A Yuletide Tale

Mike glanced up at the digital clock hanging over the register. Mockingly it read 8:49, only seven minutes ahead from the last time he checked. He threw his rag (filthy from cleaning the chili cheese dispenser) into the bucket of brackish grey water and swore under his breath. This night was taking forever. Normally the graveyard shift whizzed by. You had all those chores the day crew inevitably failed to take care of to keep you busy, and few distracting customers except for the drunks who went straight back to the molt liquor shelf and then were on their way. He normally enjoyed the solitude, as it gave him time to think and sometimes when he finished his duties early he was even able to sneak in a little writing on the boss’ dime.

But tonight was different. To start with he shouldn’t even have been here. He was supposed to be with his Kindred keeping vigil on the longest night of the year and listening for the Wild Hunt as it passed overhead on its ghostly way. He’d even asked for the time off two weeks in advance, explaining that he had prior religious commitments. The manager had agreed until yesterday when she asked him to cover for the Mexican kid who was out with the flu. Apparently nobody else was available and since his wasn’t a real religious holiday anyway she needed him there. Though she hadn’t actually said it the implication was that if he didn’t show he could start looking for a new job the following day. It was awfully tempting to tell her where she could shove her job, but in this economy that’d be a damnably stupid thing to do. So Mike had just sucked it up and come in, even though that meant missing out on Thorvald’s justly-famed mead. The Kindred had promised to save him some, but he knew the chances of that actually happening were pretty much nil. By this time they were probably already on their third or fourth bottle – and the night was still young.

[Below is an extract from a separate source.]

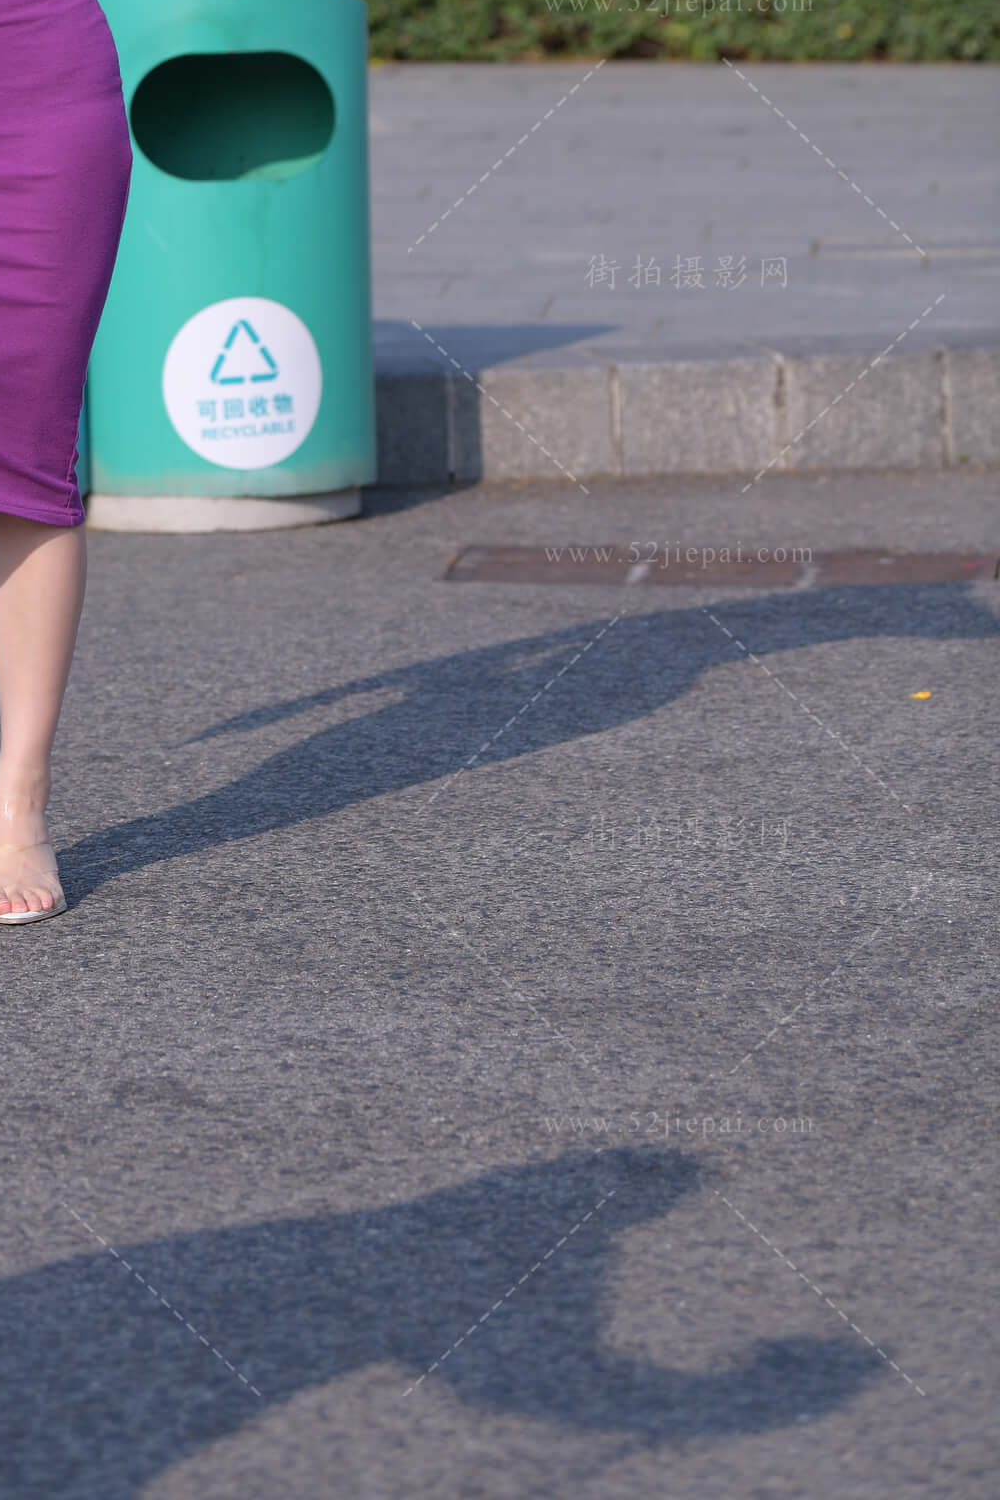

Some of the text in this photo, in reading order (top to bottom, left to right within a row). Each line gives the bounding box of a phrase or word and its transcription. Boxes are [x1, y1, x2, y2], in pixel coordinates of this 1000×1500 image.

The electronic bell sounded and Mike pushed the mop and bucket into the closet and headed up front to greet the customer.

No one was there.

“Must have been the wind,” he muttered to himself, glowering at the clock. Another three minutes down, thank the gods.

“Right breezy it is,” a voice came to him from behind the Doritos stand, harsh and phlegmy. “Cold as a witch’s tit, too.”

Fucking great, Mike thought, his lip curling up in disgust. This is just what I needed tonight.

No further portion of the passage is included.